# ABOUT THIS TASK:
Could the entries below be transcribed word for word, with the pictures omitted?

(Stored data entries)
□ □ □ □ □ □ □
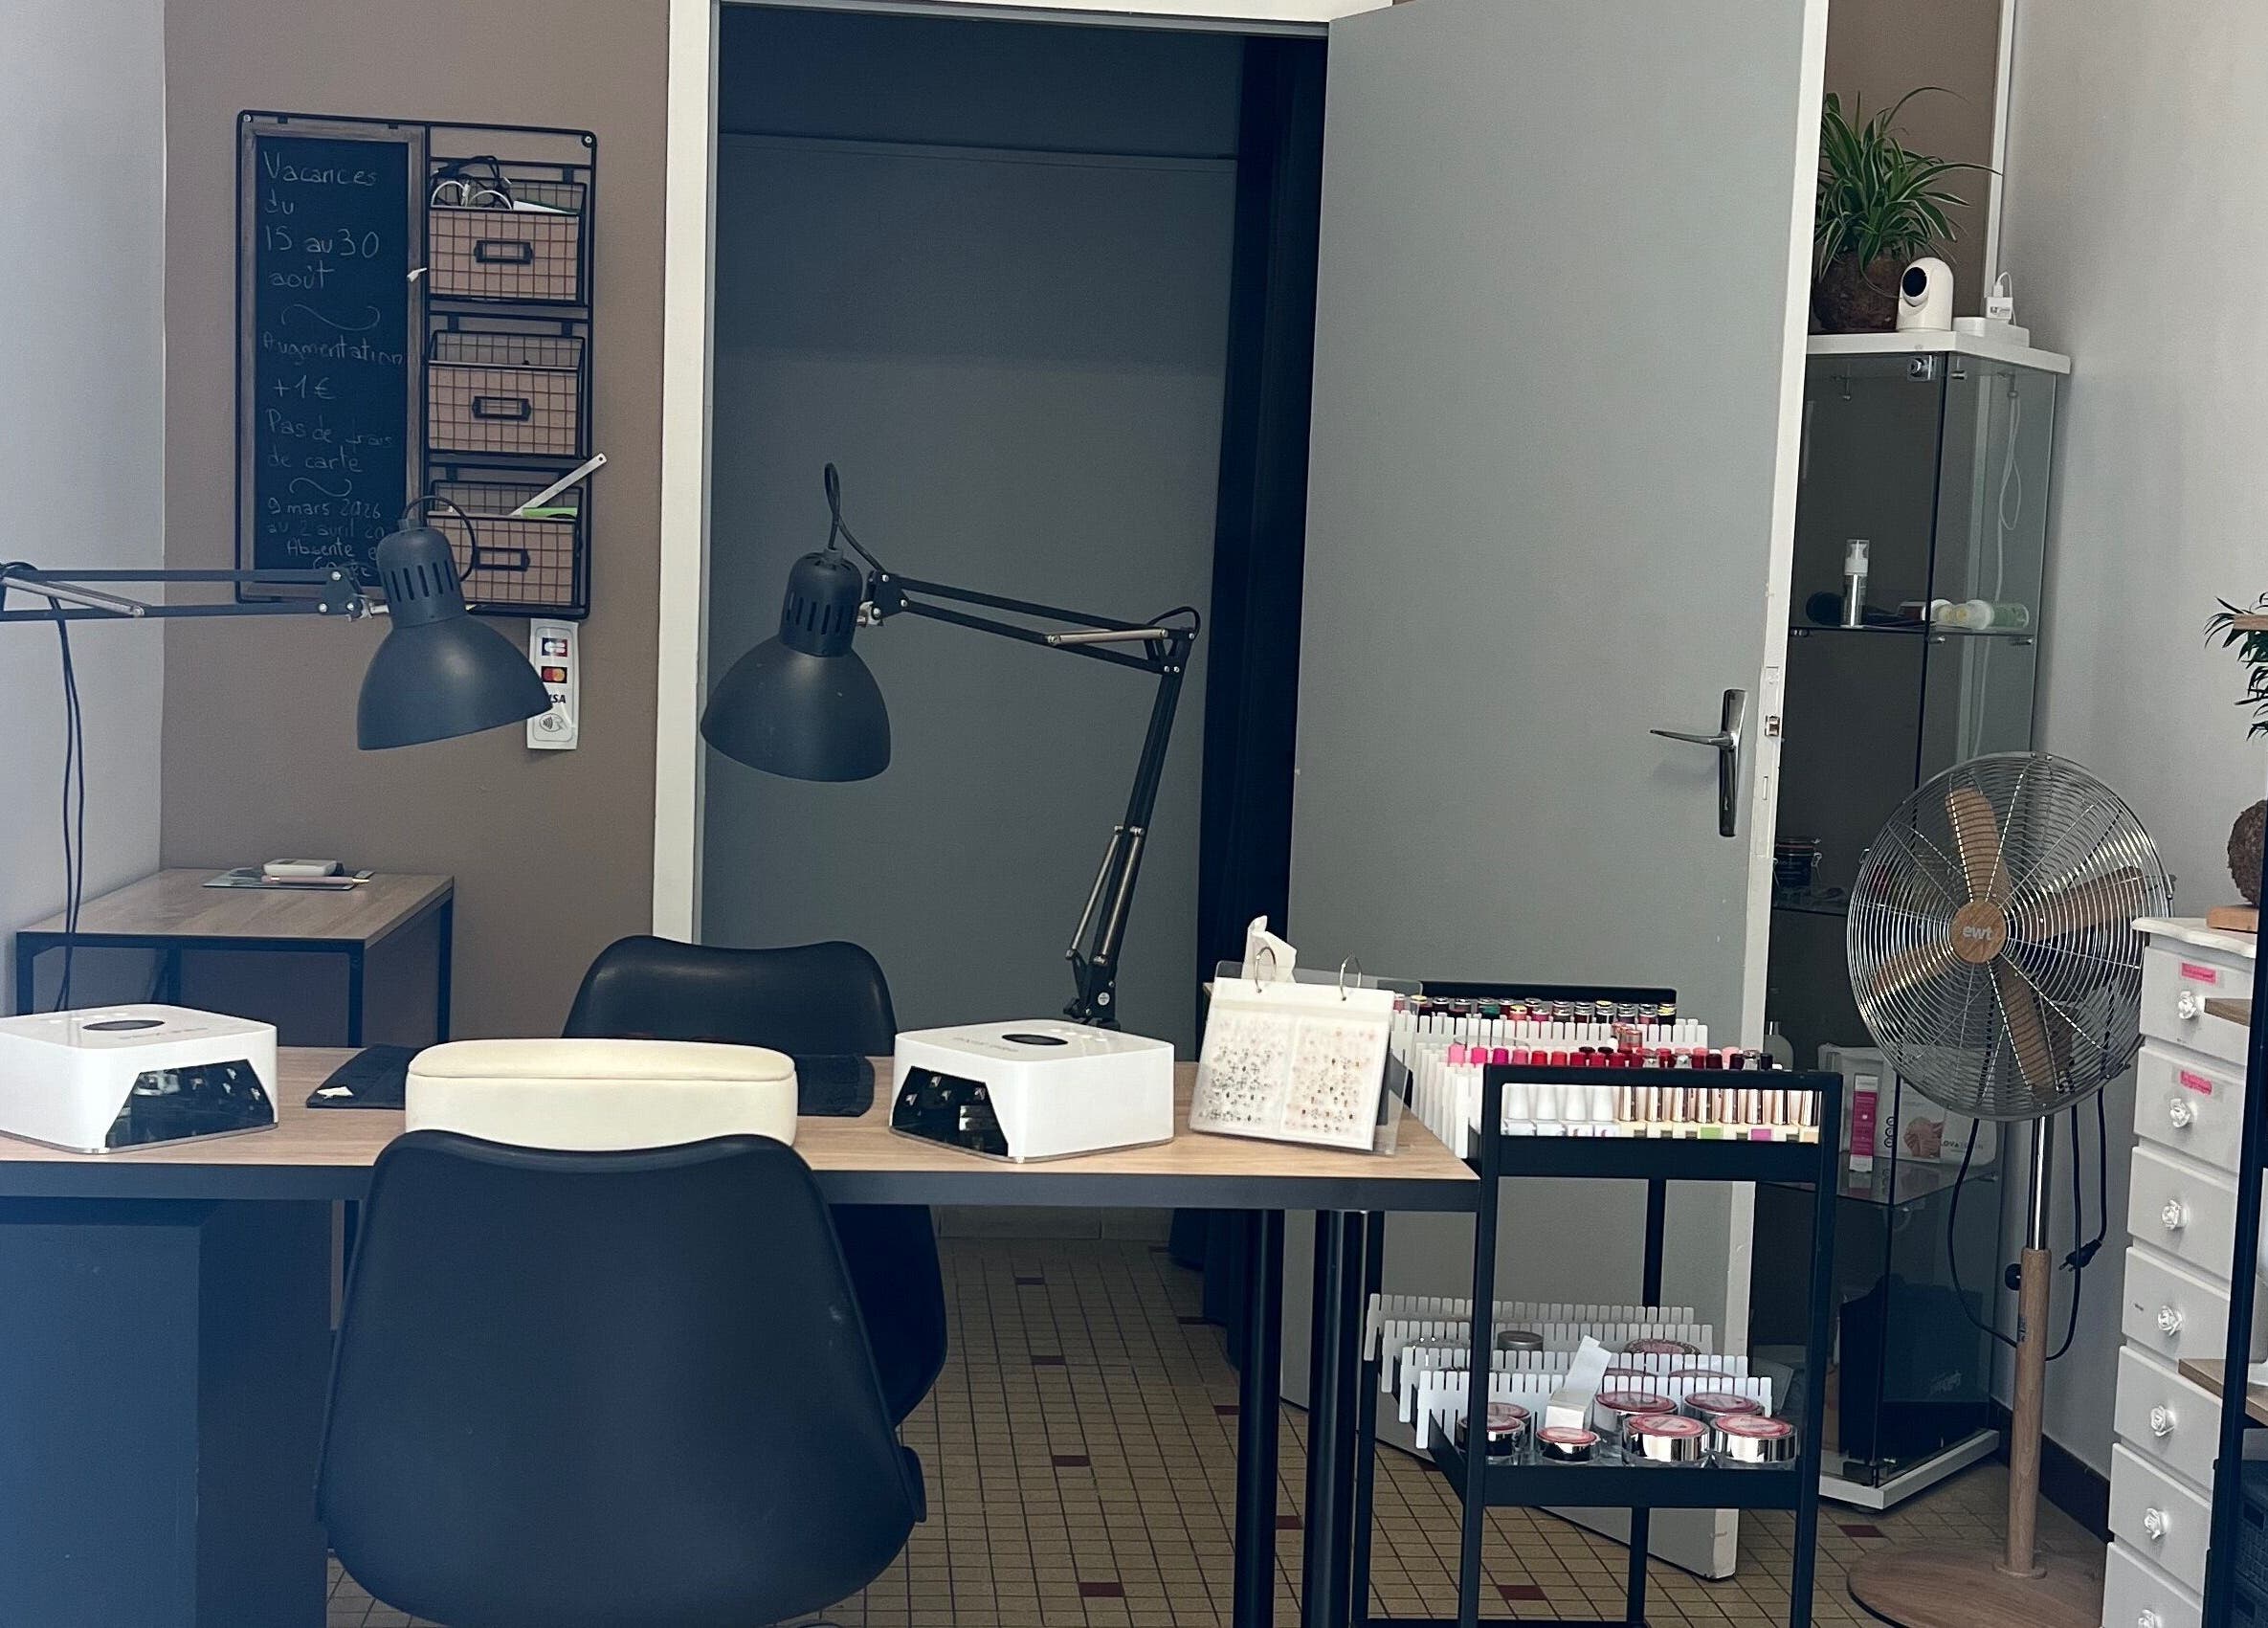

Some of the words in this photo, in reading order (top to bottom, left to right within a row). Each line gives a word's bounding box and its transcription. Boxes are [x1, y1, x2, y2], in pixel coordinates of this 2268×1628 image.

[263, 150, 378, 187] Vacances
[264, 189, 295, 215] du
[265, 225, 293, 252] 15
[304, 235, 333, 255] au
[337, 228, 380, 259] 30
[262, 330, 404, 368] Augmentation
[266, 408, 305, 437] Pas
[312, 414, 333, 444] de
[267, 441, 292, 469] de
[304, 445, 364, 473] carte
[286, 502, 330, 516] mars
[339, 498, 383, 520] 2026
[267, 520, 289, 534] au
[317, 518, 354, 538] avril
[286, 536, 355, 557] Absente
[1962, 926, 1993, 942] ewt
□ □ □ □ □ □ □
# SOLUTION FOR THIS EXERCISE:
Some of the words in this photo, in reading order (top to bottom, left to right within a row). Each line gives a word's bounding box and its transcription. Boxes are [x1, y1, x2, y2], in pixel coordinates of this 2268×1628 image.

[263, 150, 378, 187] Vacances
[264, 189, 295, 215] du
[265, 225, 293, 252] 15
[304, 235, 333, 255] au
[337, 228, 380, 259] 30
[262, 330, 404, 368] Augmentation
[266, 408, 305, 437] Pas
[312, 414, 333, 444] de
[267, 441, 292, 469] de
[304, 445, 364, 473] carte
[286, 502, 330, 516] mars
[339, 498, 383, 520] 2026
[267, 520, 289, 534] au
[317, 518, 354, 538] avril
[286, 536, 355, 557] Absente
[1962, 926, 1993, 942] ewt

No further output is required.